* The data

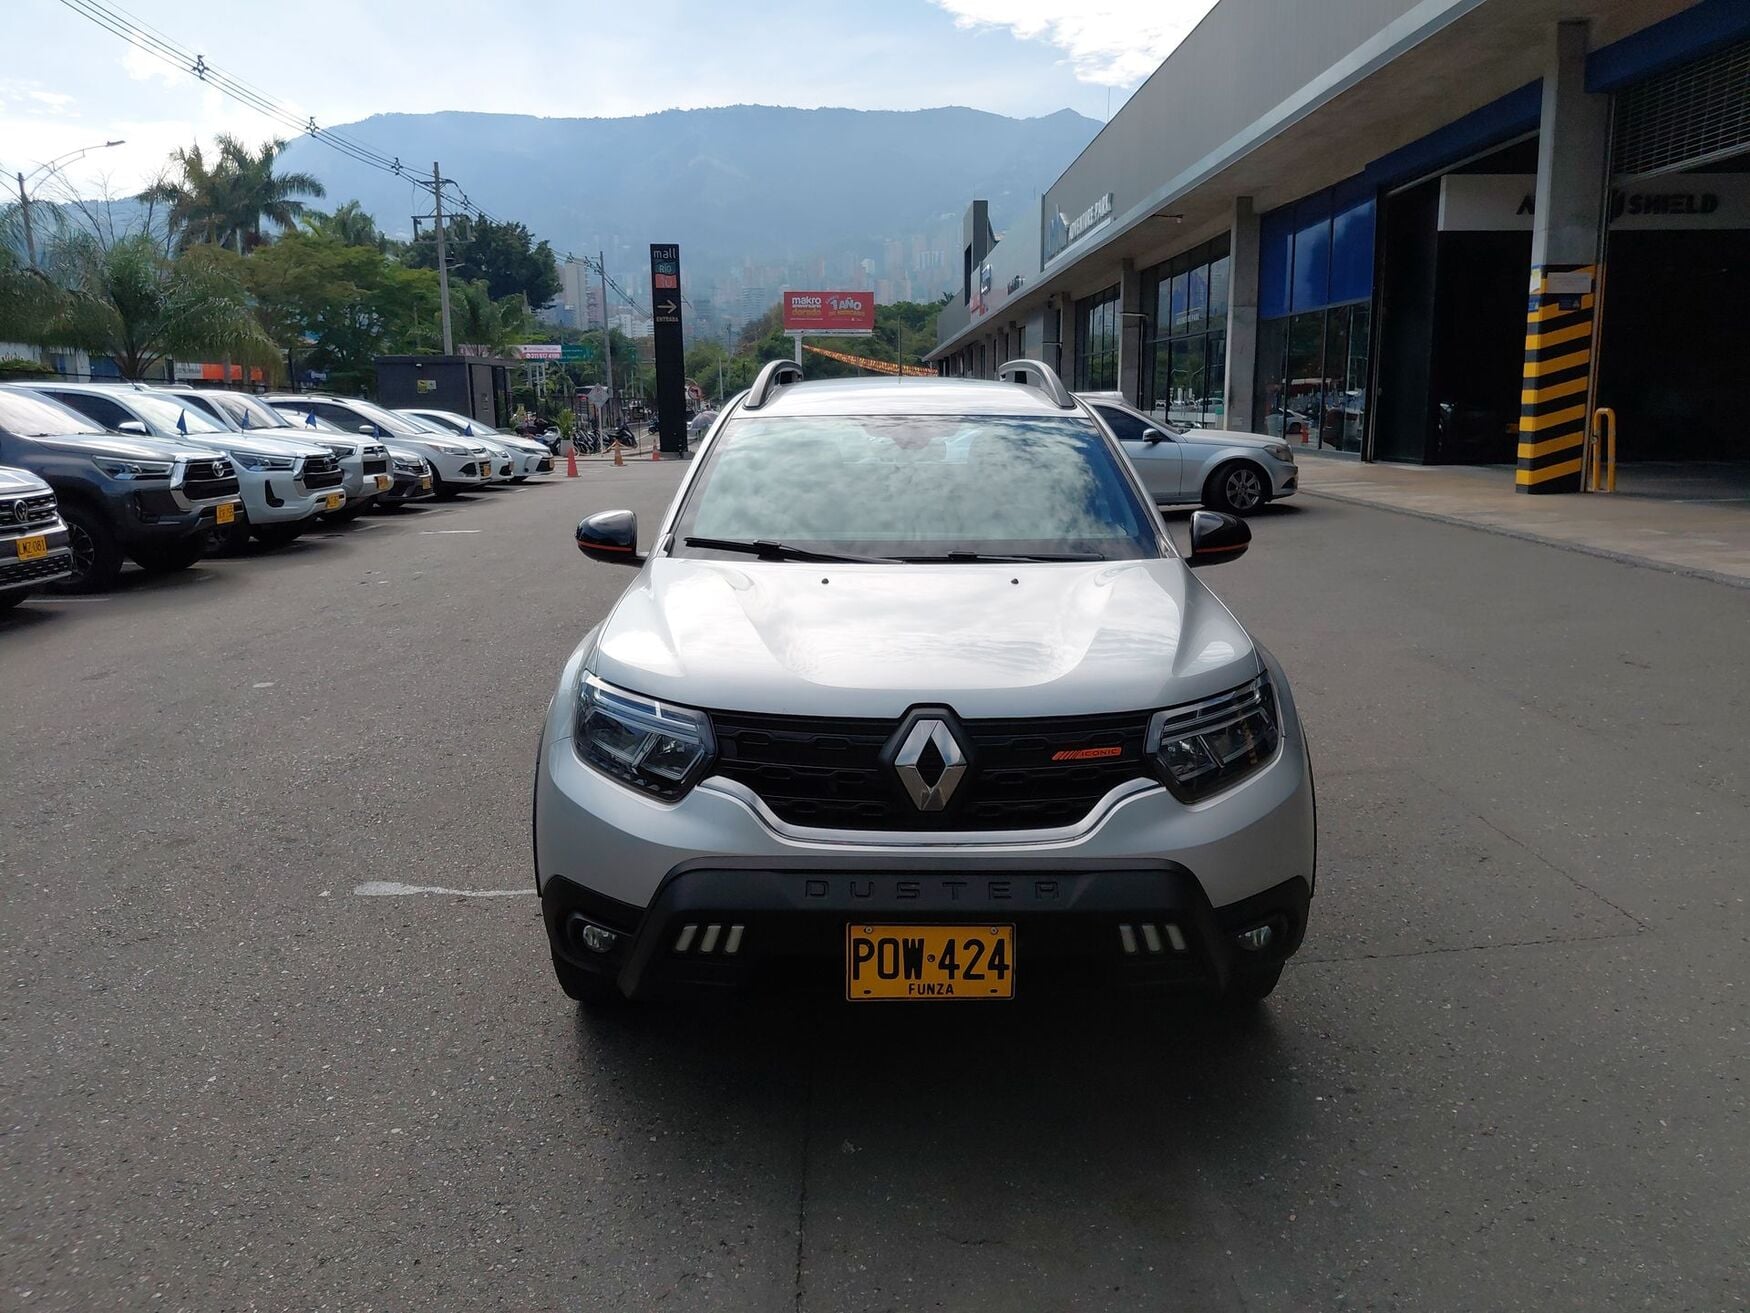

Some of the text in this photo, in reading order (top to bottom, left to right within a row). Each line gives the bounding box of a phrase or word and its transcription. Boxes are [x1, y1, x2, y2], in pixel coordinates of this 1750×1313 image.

[1628, 193, 1719, 215] SHIELD
[653, 248, 677, 259] mall
[792, 296, 822, 305] makro
[839, 297, 862, 311] AÑO
[1081, 748, 1120, 758] ICONIC
[805, 880, 1060, 899] DUSTER
[853, 938, 1010, 980] POW 424
[908, 983, 954, 995] FUNZA

* Your task
Can the entries above be repeated exactly, without their pictures?

* Result of this task
Some of the text in this photo, in reading order (top to bottom, left to right within a row). Each line gives the bounding box of a phrase or word and its transcription. Boxes are [x1, y1, x2, y2], in pixel coordinates of this 1750×1313 image.

[1628, 193, 1719, 215] SHIELD
[653, 248, 677, 259] mall
[792, 296, 822, 305] makro
[839, 297, 862, 311] AÑO
[1081, 748, 1120, 758] ICONIC
[805, 880, 1060, 899] DUSTER
[853, 938, 1010, 980] POW 424
[908, 983, 954, 995] FUNZA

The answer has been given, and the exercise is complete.